Dinosaurs snuffed out in their prime

New research suggests that far from being in decline before their extinction event, dinosaurs were probably doing just fine.

Published: March 19, 2019 at 12:00 am

Dinosaurs were at the top of their game when the asteroid wiped them out – that’s the finding of a new study which overturns scientists’ understanding of the dinos’ reign.

Scientists largely agree that an asteroid was responsible for the dinosaurs’ sudden disappearance 66 million years ago during the Cretaceous period. The space rock smashed into the Earth, causing earthquakes, wildfires, and a dust cloud that blocked out the Sun’s light for months or even years.

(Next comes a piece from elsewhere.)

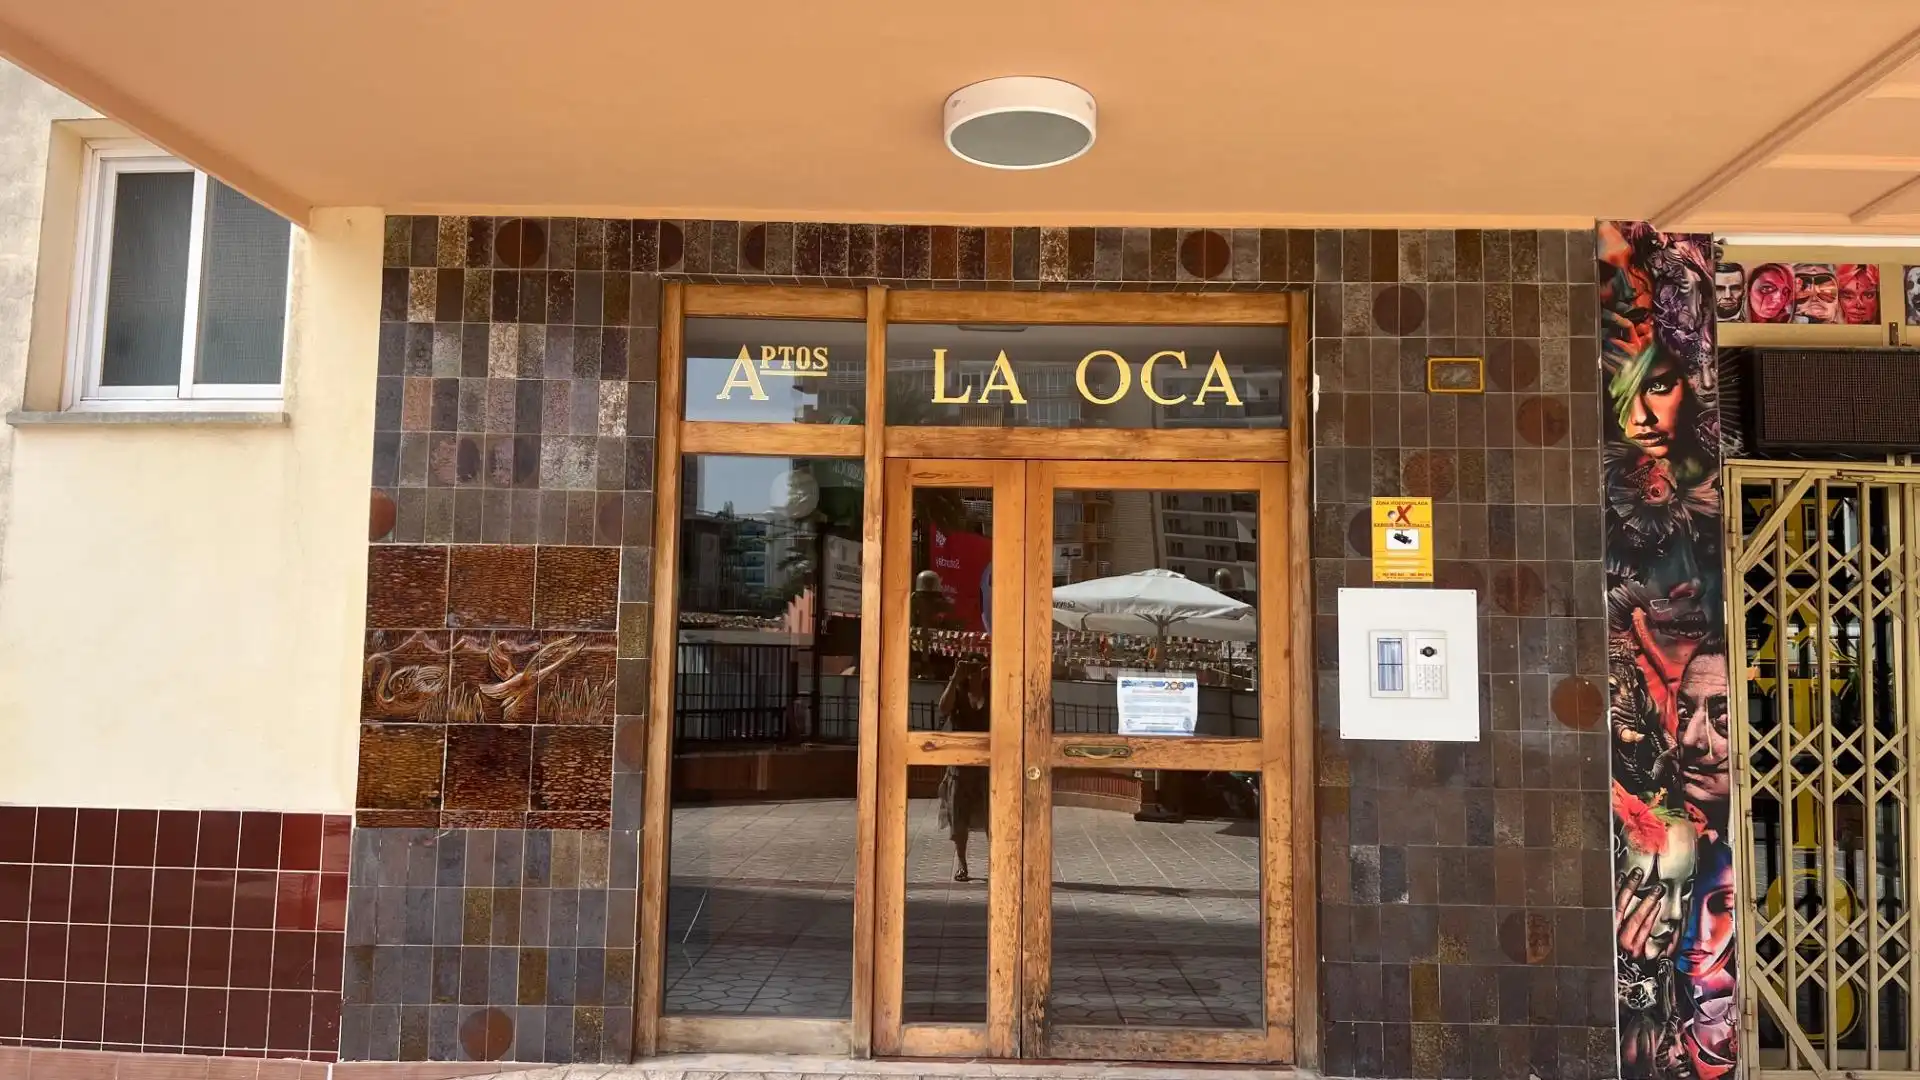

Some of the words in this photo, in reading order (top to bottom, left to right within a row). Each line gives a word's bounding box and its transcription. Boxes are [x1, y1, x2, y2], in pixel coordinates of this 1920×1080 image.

[931, 349, 1027, 404] LA
[1075, 350, 1243, 405] OCA
[1748, 498, 1863, 1044] TATTOO

However, previous research suggested that dinosaurs may already have been in decline before this extinction event, due to long-term changes in the climate over the previous millions of years.

Now, analysis by a team of researchers in the UK has revealed that the dinos were likely doing just fine.

The team focused their research on North America, where many Late Cretaceous dinosaurs have been found, including Tyrannosaurus rex and Triceratops.

Previous efforts to study the dinosaurs in this region have been hampered by an incomplete fossil record. During the Late Cretaceous, the east and west of the continent was separated by an inland sea. The western half had better conditions for forming fossils than the eastern half (due to an abundance of sediments from the newly-forming Rocky Mountains), resulting in more fossils being found in the west.

“Most of what we know about Late Cretaceous North American dinosaurs comes from an area smaller than one-third of the present-day continent, and yet we know that dinosaurs roamed all across North America, from Alaska to New Jersey and down to Mexico,” said Dr Philip Mannion, co-author of the study from University College London.

The team filled the gaps in the fossil record by using sophisticated computer models to simulate environmental conditions during the Late Cretaceous, such as temperature and rainfall. This allowed them to predict where in the continent the dinosaurs were likely to have survived as conditions changed.

They discovered that dinosaur-rich regions were likely more widespread at this time than previously thought – and that these were in places less likely to preserve fossils.

“The results of our study suggest that dinosaurs as a whole were adaptable animals, capable of coping with the environmental changes and climatic fluctuations that happened during the last few million years of the Late Cretaceous,” said Alessandro Chiarenza, lead researcher and PhD student at Imperial College London. “Climate change over prolonged time scales did not cause a long-term decline of dinosaurs through the last stages of this period.”